La main des sourds

Une retoucheuse meurt dans l’incendie d’un magasin

Un violent incendie s’est déclaré dans un magasin de tissu de la rue de Rémusat, hier en début d’après midi à Toulouse. Une retoucheuse âgée de 55 ans a péri asphyxié.

Lundi, 13h15. Un courtcircuit, vraisemblablement, survient dans le magasin Rideau Décor, situé rue de Rémusat au centre de Toulouse. Immédiatement, les flammes et la fumée envahissent le commerce.

Renée Dauzat, une employée sourde et muette, âgée de 55 ans, est aux toilettes. Elle n’entend pas les cris de ses collègues. Elle ne les voit pas se précipiter à l’extérieur. Quand elle ressort, elle est coincée. Le feu se propage à toute vitesse, atteignant jusqu’aux étages, l’immeuble de derrière. Les pompiers ont beau arriver rapidement, ils ne pourront empêcher la destruction du magasin et de trois appartements mitoyens, ni la mort par asphyxie de Renée Dauzat Une quarantaine de pompiers parviennent heureusement à évacuer des résidents de l’immeuble. Vers 15h30, le feu est maîtrisé.

Sur place, les secours ont déployé d’importants moyens, notamment deux grandes échelles (qui ont permis de sauver deux jeunes filles) et trois fourgons incendie. Munis de caméras thermiques, les hommes du feu surveilleront jusque dans la soirée la structure de l’immeuble afin de prévenir tout nouveau départ de feu.

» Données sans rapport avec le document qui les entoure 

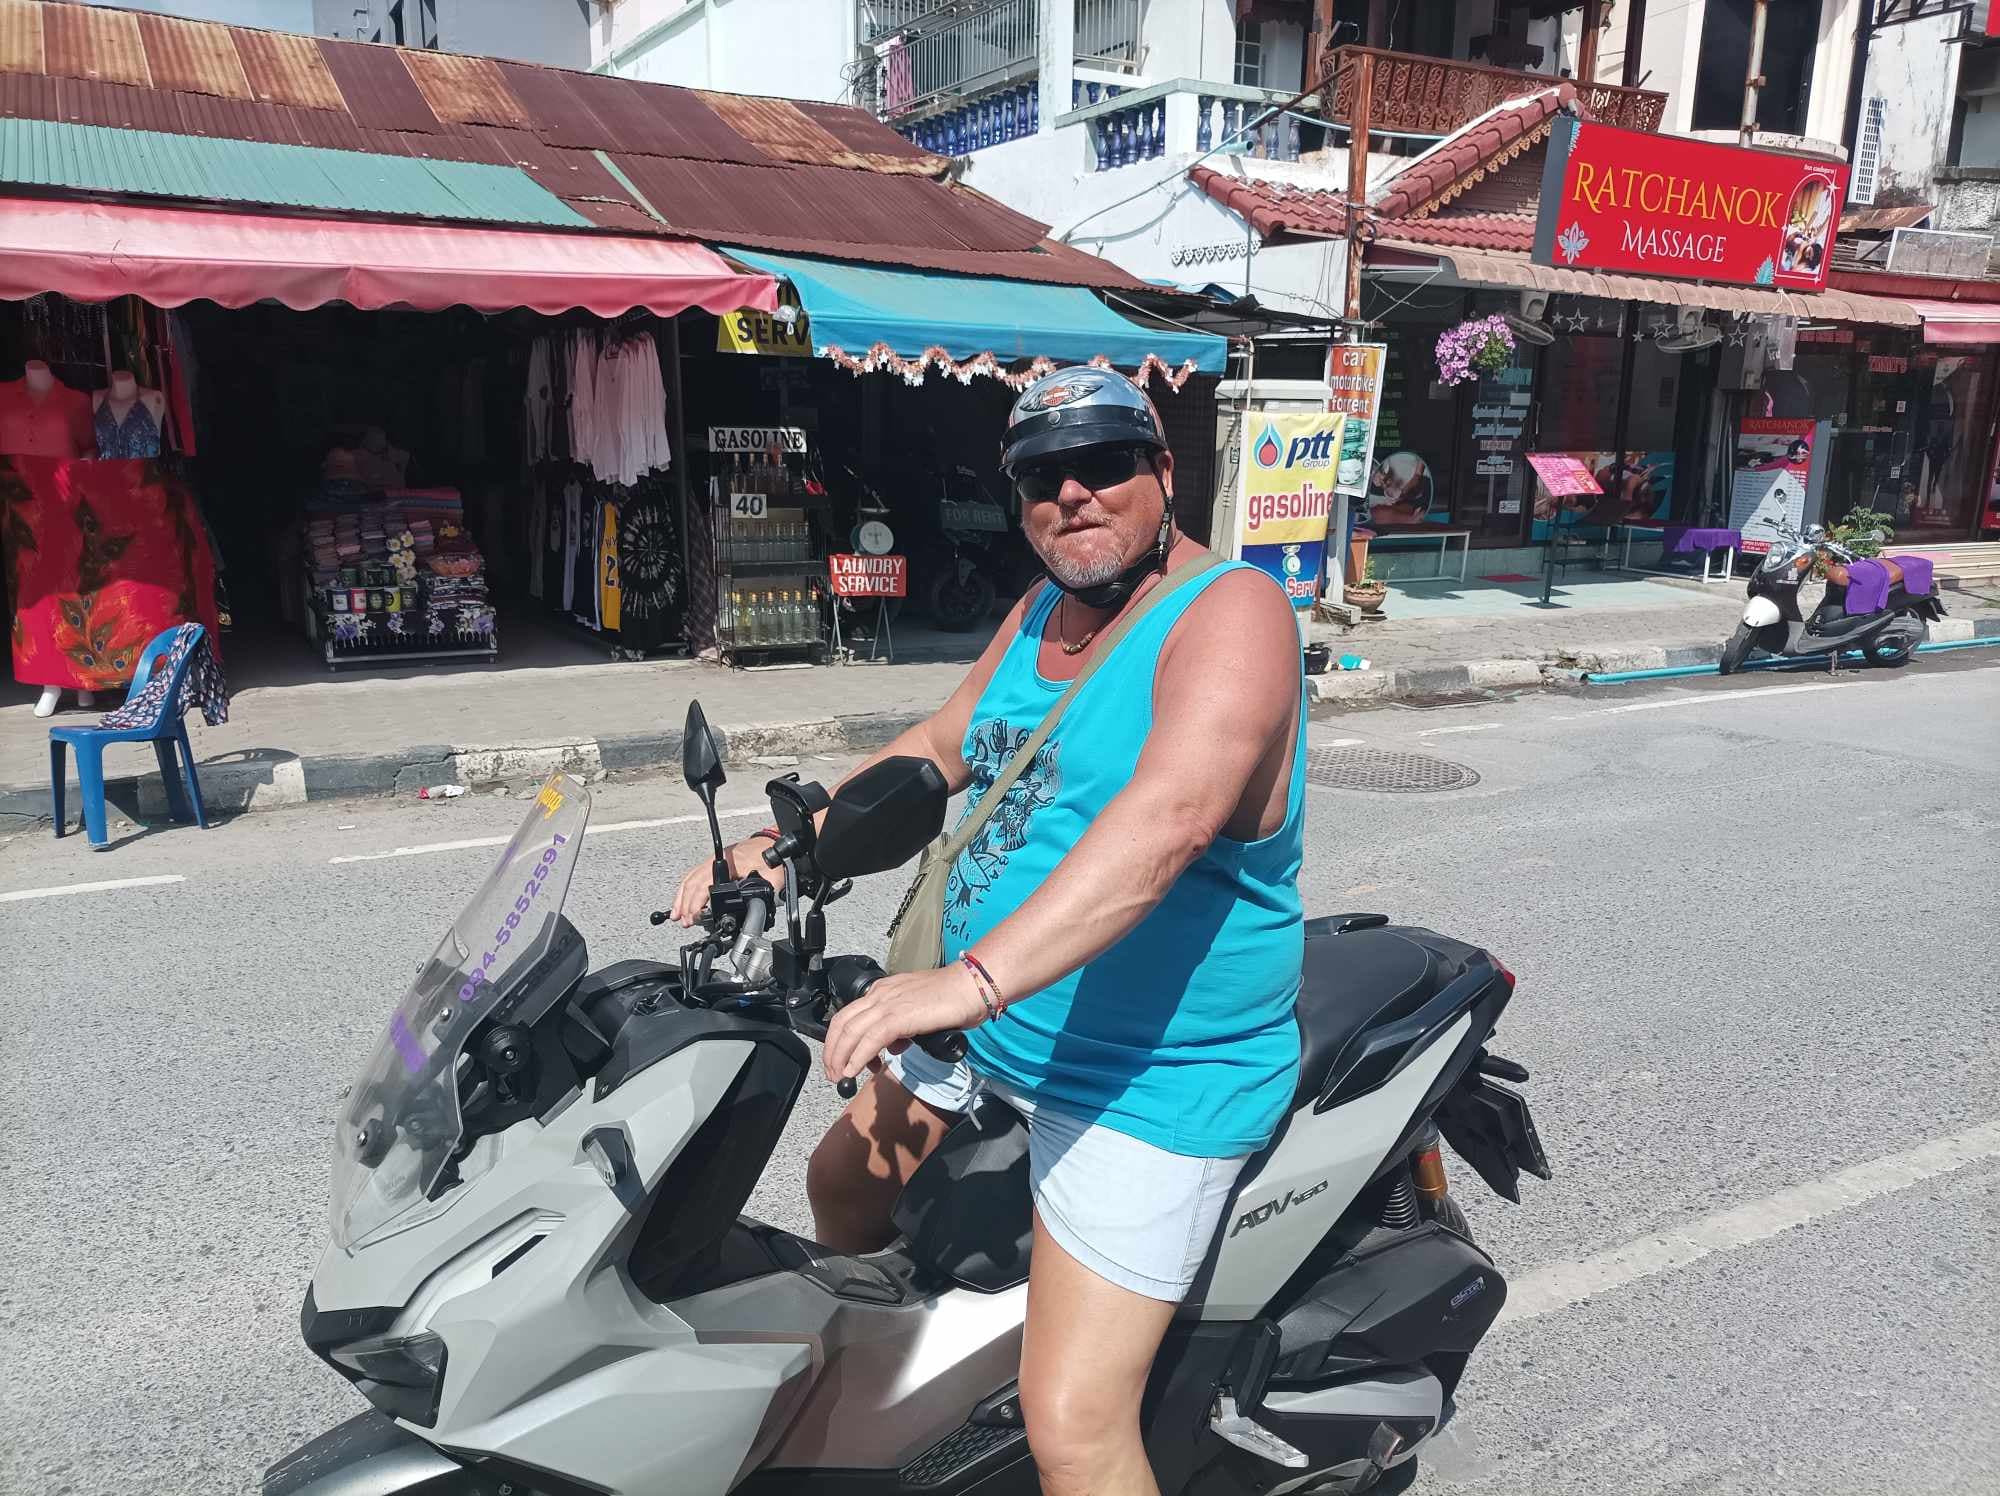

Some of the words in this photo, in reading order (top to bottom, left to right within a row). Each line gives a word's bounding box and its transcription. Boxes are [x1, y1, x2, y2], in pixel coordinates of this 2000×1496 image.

[1573, 162, 1783, 229] RATCHANOK
[1622, 220, 1727, 264] MASSAGE
[1342, 351, 1367, 367] car
[714, 429, 803, 449] GASOLINE
[1285, 430, 1335, 469] ptt
[1302, 458, 1330, 469] Group
[736, 496, 763, 516] 40
[832, 557, 903, 575] LAUNDRY
[838, 576, 898, 593] SERVICE
[457, 832, 567, 1002] 094-5852591

«Immédiatement, des flammes»

Chez les commerçants de la rue de Rémusat, c’est l’accablement. Le décès de Renée Dauzat a jeté la consternation : «Je connaissais cette employée de vue, confie Maguy Bec, responsable du magasin de musique Baron, mais comme elle était muette, il était difficile de communiquer. J’ai été émue en apprenant que cette femme était morte ainsi. Elle n’a pas entendu alors que les autres employés ont pu sortir… Elle se trouvait au mauvais endroit au mauvais moment. C’est tragique. Tout le quartier est touché.

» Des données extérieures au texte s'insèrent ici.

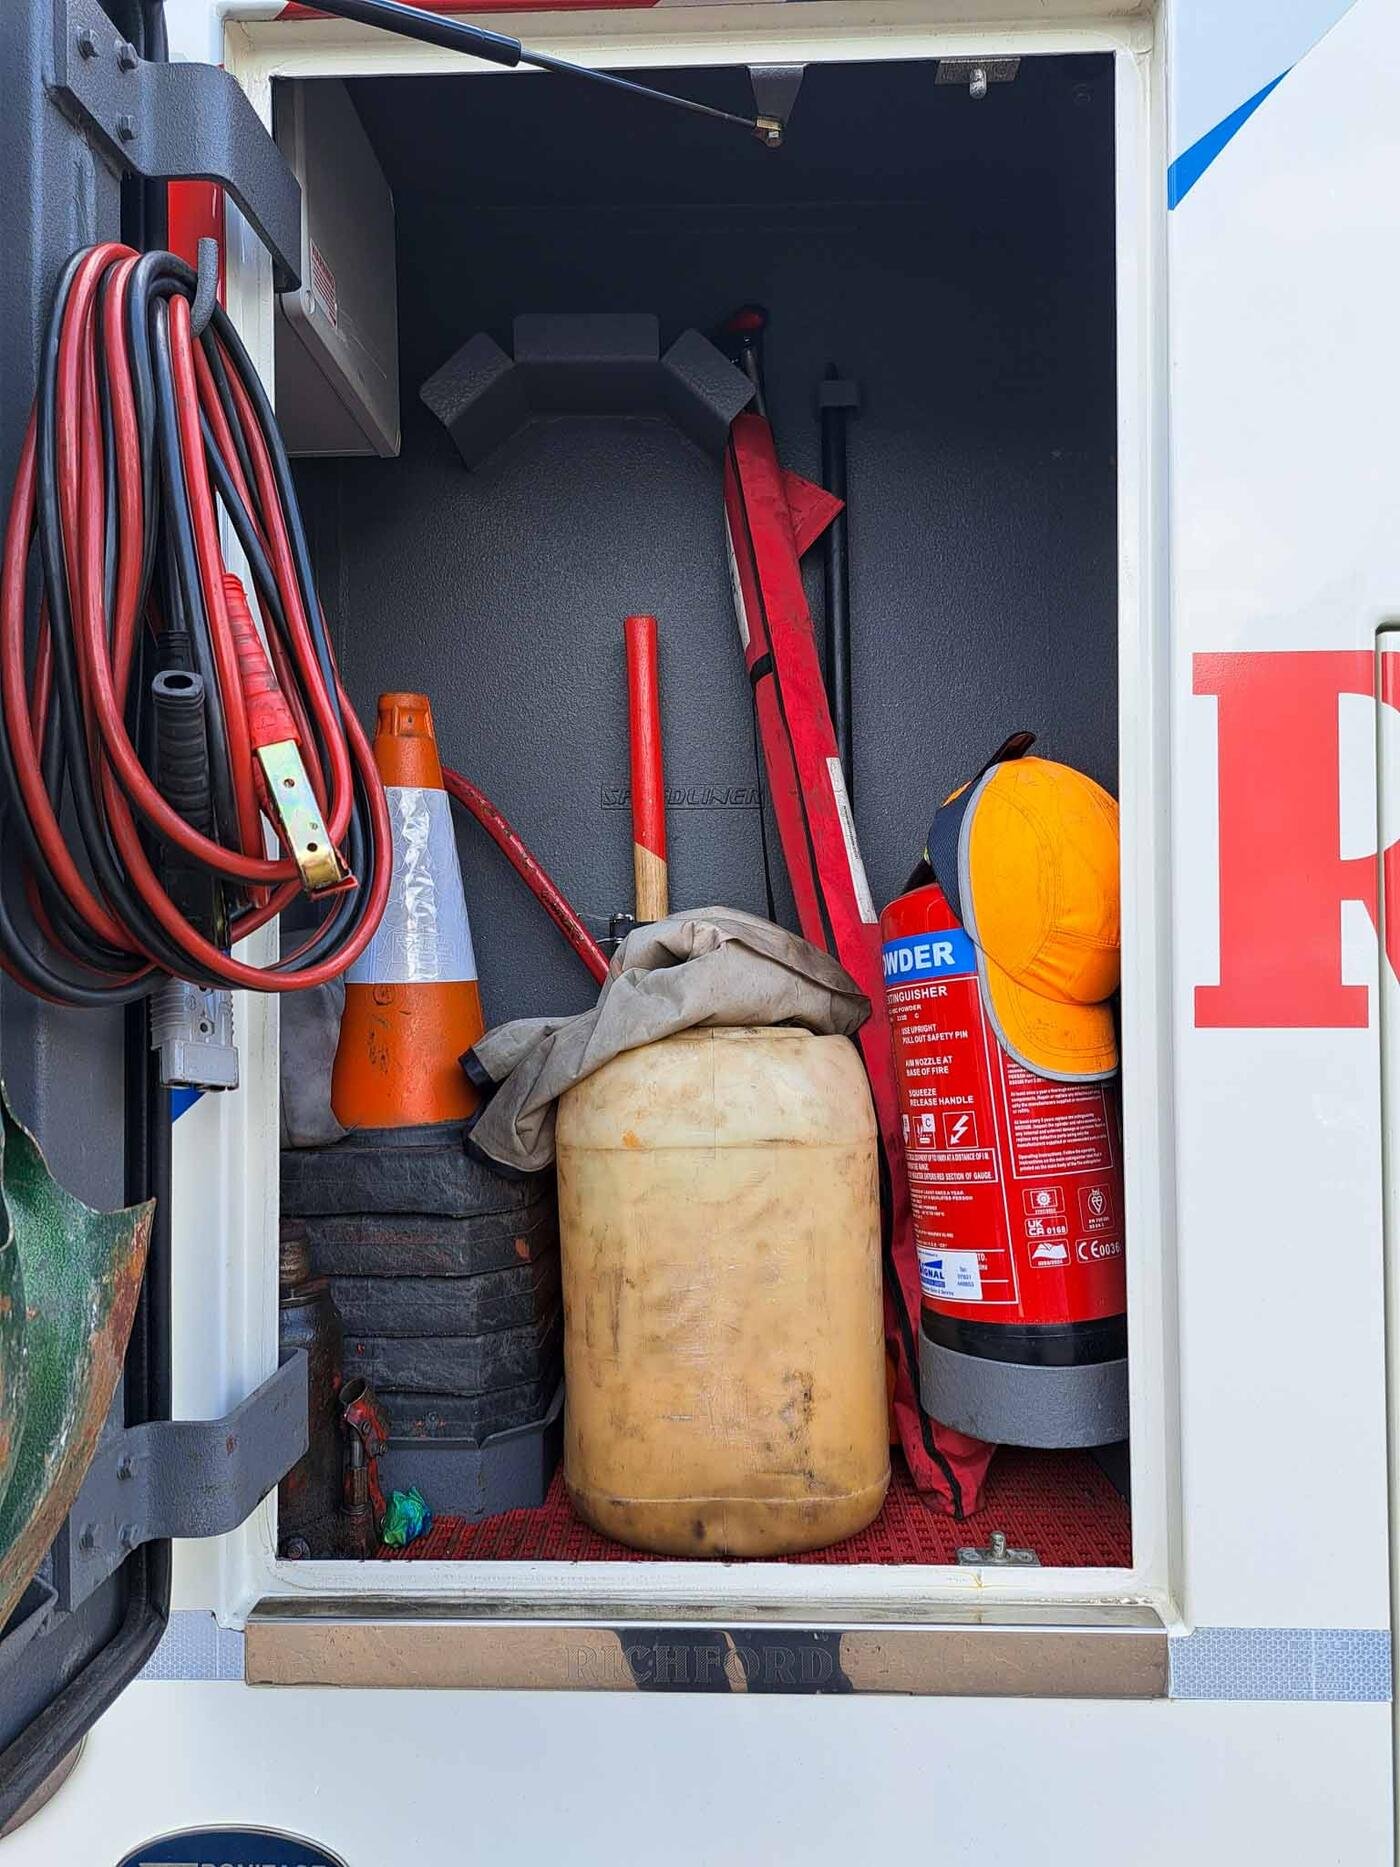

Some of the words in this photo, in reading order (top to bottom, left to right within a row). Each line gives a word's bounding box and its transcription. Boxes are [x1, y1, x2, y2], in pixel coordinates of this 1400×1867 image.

[602, 787, 761, 806] SPDLINER
[1193, 651, 1400, 1028] R
[882, 941, 956, 977] WDER
[901, 1026, 911, 1035] USE
[911, 1024, 937, 1034] UPRIGHT
[902, 1035, 915, 1044] PULL
[915, 1034, 926, 1043] OUT
[927, 1031, 954, 1042] SAFETY
[955, 1030, 968, 1038] PIN
[905, 1059, 914, 1067] AIM
[915, 1056, 942, 1066] NOZZLE
[942, 1055, 953, 1064] AT
[906, 1068, 921, 1077] BASE
[921, 1067, 931, 1076] OF
[931, 1066, 949, 1075] FIRE
[908, 1088, 937, 1098] SQUEEZE
[909, 1098, 938, 1107] RELEASE
[938, 1095, 974, 1105] HANDLE
[1028, 1219, 1043, 1228] UK
[1029, 1227, 1045, 1236] CA
[566, 1645, 834, 1684] RICHFORD

Entre commerçants, nous sommes solidaires les uns des autres». Comme ses collègues, cette commerçante avoue avoir eu très peur : «Il y a eu un bruit terrible, l’explosion d’un spot semble-t-il, puis immédiatement, des flammes. J’ai pensé à tout ce qui peut brûler facilement chez nous».

A Quiksilver, magasin de vêtements, Jean-Paul et Magali ont accueilli le personnel de Rideau Décor lors du drame. «Ils sont tous venus se réfugier dans le magasin, explique Magali.

On leur a donné à boire et de quoi se réchauffer. C’est bien le minimum qu’on pouvait faire.

Ce décès nous choque, même si on ne connaissait pas la victime. On se dit que cela aurait pu nous arriver».

«Absurde»

Arlette, la bijoutière de Folie’s, raconte elle aussi ce qu’elle a vu, profondément choquée par la mort de cette employée.

«J’ai vu les flammes, les gens au balcon. Et j’ai eu très peur que le feu se propage. J’étais prête à fermer et à partir… Tout cela est tellement absurde.» Renée Dauzat était originaire de Gargas près de Fronton où elle vivait avec son mari, employé à la mairie de Toulouse.